DLBCL, the most common type of non-Hodgkin lymphoma, has high levels of response to first-line immunochemotherapy combinations containing rituximab, according to the study published in The New England Journal of Medicine. However, for patients who relapse and cannot tolerate high-dose chemotherapy or stem-cell transplantation as second-line therapy, the prognosis drops drastically, with a median overall survival of just 4.4 months. Tisagenlecleucel, an anti-CD19 chimeric antigen receptor (CAR) T-cell therapy, showed high response rates in previous studies of patients with r/r DLBCL. To confirm those results, researchers conducted the JULIET study to evaluate the safety and efficacy of tisagenlecleucel in adult patients with r/r DLBCL.

In the JULIET study, 93 patients with r/r DLBCL were evaluable for efficacy. At 14 months from infusion, the best ORR was 52% among patients who had 3 months or more of follow-up or discontinued therapy before 3 months (40% complete response [CR] and 12% partial response [PR]. ORR rates at months 3 and 6 were 38% and 33%, respectively, and CR rates at months 3 and 6 were 32% and 29%, respectively.

At the follow-up time, median duration of response had not yet been reached; however, investigators predict relapse-free survival at 12 months to be 79% for patients who had a CR and 65% for all patients who had a response. Median progression-free survival (PFS) also was not reached in patients who had a CR. Predicted PFS rates were 83% for patients who had either a CR or PR at 3 months. Median overall survival (OS) for every patient who received an infusion was 12 months. The estimated probability of survival at month 12 was notably higher in patients who had a CR compared with the total study population (90% vs 49%).

Grade 3/4 adverse events that occurred frequently included cytokine release syndrome (22%), unresolved cytopenia by day 28 (32%), infections (20%), neurologic events (12%), and febrile neutropenia (15%).

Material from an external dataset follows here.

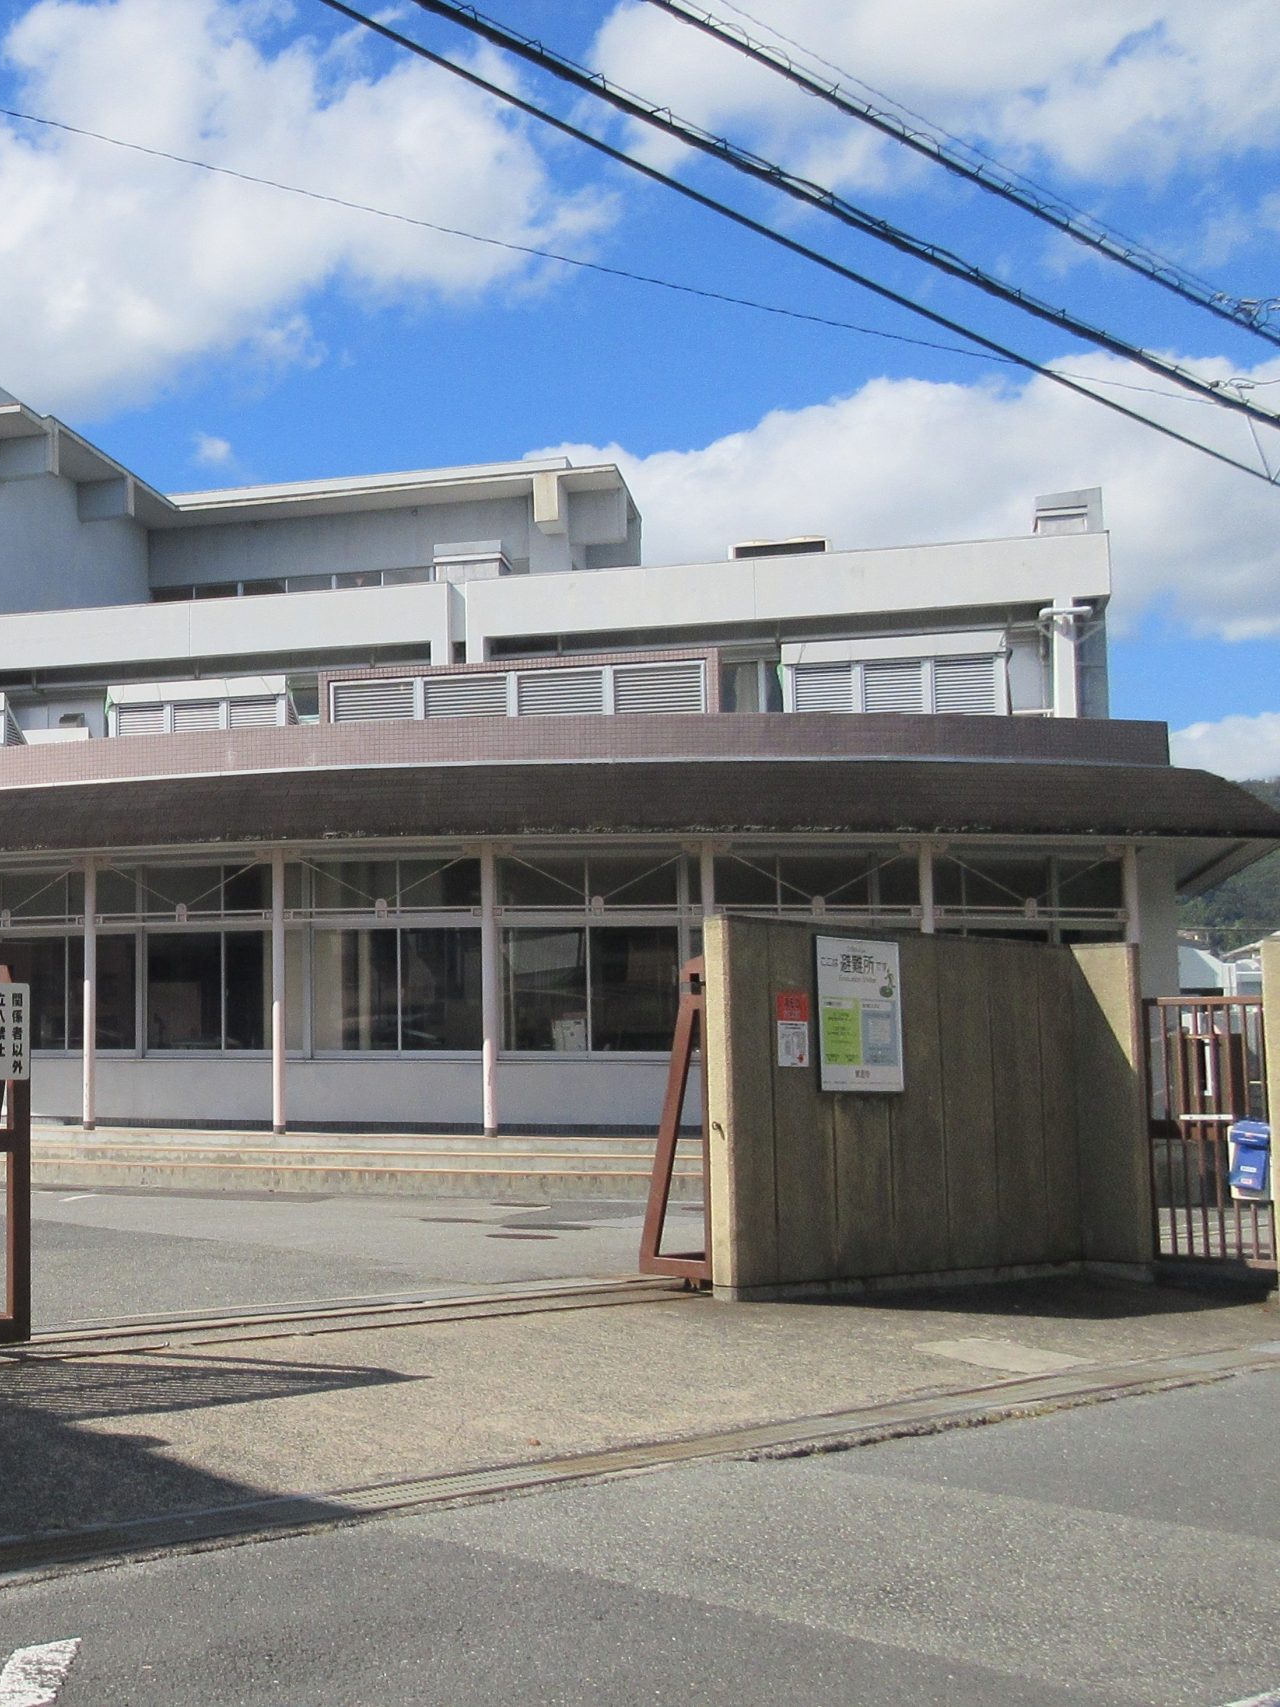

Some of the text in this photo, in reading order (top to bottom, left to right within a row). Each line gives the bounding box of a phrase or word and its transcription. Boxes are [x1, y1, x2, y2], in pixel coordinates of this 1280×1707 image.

Investigators also evaluated CD19 expression and biomarkers to find out if certain subgroups would have higher, more durable response rates. Patients who had low or negative CD19 expression also had responses to tisagenlecleucel, suggesting that low or undetectable CD19 expression may still be treatable. A biomarker analysis of PD-1, CD3, TIM3, and LAG3 also did not show significant differences between response rates for patients with high and low expression. Two exceptions were a small number of patients with the highest PD-1/PD-L1 interaction scores and a subgroup with high LAG3-postive T cells, none of whom responded to tisagenlecleucel or had rapid disease progression after treatment. Further investigation of this observation will be needed.

Tisagenlecleucel (Kymriah) was FDA approved in May 2018 for the treatment of adult patients with R/R large B-cell lymphoma following at least 2 prior line of therapy. The published results were previewed last year.

Reference

Schuster SJ, Bishop MR, Tam CS, et al; JULIET Investigators. Tisagenlecleucel in adult relapsed or refractory diffuse large B-cell lymphoma. N Engl J Med. 2019;380(1):45-46. doi: 10.1056/NEJMoa1804980.